This has been a good week. I didn't journal as much as I should have, and last night I ate an order of fried mushrooms for dinner, but other than that, it's been a good week.
I've been to the gym for 8 days in a row. I'm going again today, as soon as I finish this.
Later today we are driving to the Dells. I do not want to participate in any part of this. I predict that it will be a weekend of taunts and idiocy. I'm glad I thought to put the spare key for the car in my coat pocket, and I have directions to a movie theater. I think I'm going to have to escape for a while.
Jim's dad hasn't even talked to me since the end of October. That's when he told me that I am delusional if I don't think my kids are out partying every weekend. I told him that I didn't appreciate his attitude about his grandchildren. Then he replied, in a very snotty tone, oh, that's right - your children are perfect. What an asshole. I wish he would just disappear into a hole.
Jim's mom taunts me whenever he's not around. The only reason I'm going is for Jim. Maggi is staying home because she has to work tomorrow night. I can hardly wait to see the look on that asshole's face when he finds out that we let her stay home by herself.

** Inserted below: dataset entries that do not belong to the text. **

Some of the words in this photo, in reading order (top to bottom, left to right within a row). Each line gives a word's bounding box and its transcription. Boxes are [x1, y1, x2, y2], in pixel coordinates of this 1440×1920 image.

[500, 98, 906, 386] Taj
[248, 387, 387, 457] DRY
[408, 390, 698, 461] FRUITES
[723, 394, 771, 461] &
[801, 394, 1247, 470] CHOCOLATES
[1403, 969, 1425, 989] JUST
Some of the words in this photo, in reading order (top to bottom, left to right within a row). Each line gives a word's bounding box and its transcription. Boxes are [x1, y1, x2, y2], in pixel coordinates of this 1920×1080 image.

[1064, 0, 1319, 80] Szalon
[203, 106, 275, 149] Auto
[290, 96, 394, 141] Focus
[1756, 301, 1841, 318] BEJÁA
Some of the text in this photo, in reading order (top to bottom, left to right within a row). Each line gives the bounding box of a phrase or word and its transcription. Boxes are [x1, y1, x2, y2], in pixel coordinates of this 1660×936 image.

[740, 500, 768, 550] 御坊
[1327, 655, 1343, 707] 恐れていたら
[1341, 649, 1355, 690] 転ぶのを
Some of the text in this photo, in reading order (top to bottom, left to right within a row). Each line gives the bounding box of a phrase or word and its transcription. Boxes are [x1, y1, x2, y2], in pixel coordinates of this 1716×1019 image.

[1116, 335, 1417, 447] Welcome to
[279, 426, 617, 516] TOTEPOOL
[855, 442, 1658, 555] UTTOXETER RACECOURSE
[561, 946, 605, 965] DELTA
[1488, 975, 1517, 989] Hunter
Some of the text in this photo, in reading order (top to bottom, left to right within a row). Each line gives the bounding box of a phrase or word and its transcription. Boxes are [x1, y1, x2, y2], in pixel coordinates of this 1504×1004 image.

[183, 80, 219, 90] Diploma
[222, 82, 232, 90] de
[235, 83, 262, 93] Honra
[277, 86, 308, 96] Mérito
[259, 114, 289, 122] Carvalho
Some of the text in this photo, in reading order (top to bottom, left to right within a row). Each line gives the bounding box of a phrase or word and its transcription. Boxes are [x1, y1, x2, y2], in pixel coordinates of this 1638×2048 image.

And he isn't even allergic to lemons like he says. He has eaten my mom's greek lamb with garlic and lemons three or four times and has never said a word about getting sick. It's all in his stupid fucking head. And her stupid ass allergy to cats is the most ridiculous thing in the world. She's not allergic, she just doesn't want to come here. She goes over to Bill and Jen's plenty of times, and isn't 'allergic' to their cat. What a bitch.
My friend Kathy said that I should call her on whatever she says to me. Like the time she marched up to me at Don's funeral. We hadn't seen each other in four months, and in the meantime, my hair had grown back in from chemotherapy. She marched up to me, as if she had practiced this, and said, Oh look at you. You're gray. What a fucking bitch!
I am so so so tired of their passive aggressive bullshit. I'm not putting up with any of it this weekend. I'm going to tell them off if I feel the need. They can rot in their puke for all I care.
I just do not want to go do this weekend. I'm going to just take my time with everything -- Jim certainly didn't get up today early and jump into the cleaning and packing that needs to get done in order to go. I'm certainly not going to rush. I wouldn't give a crap if we never saw those people again.
well, I said at the beginning of this blog that this would be the place to let it all hang out. I did that today.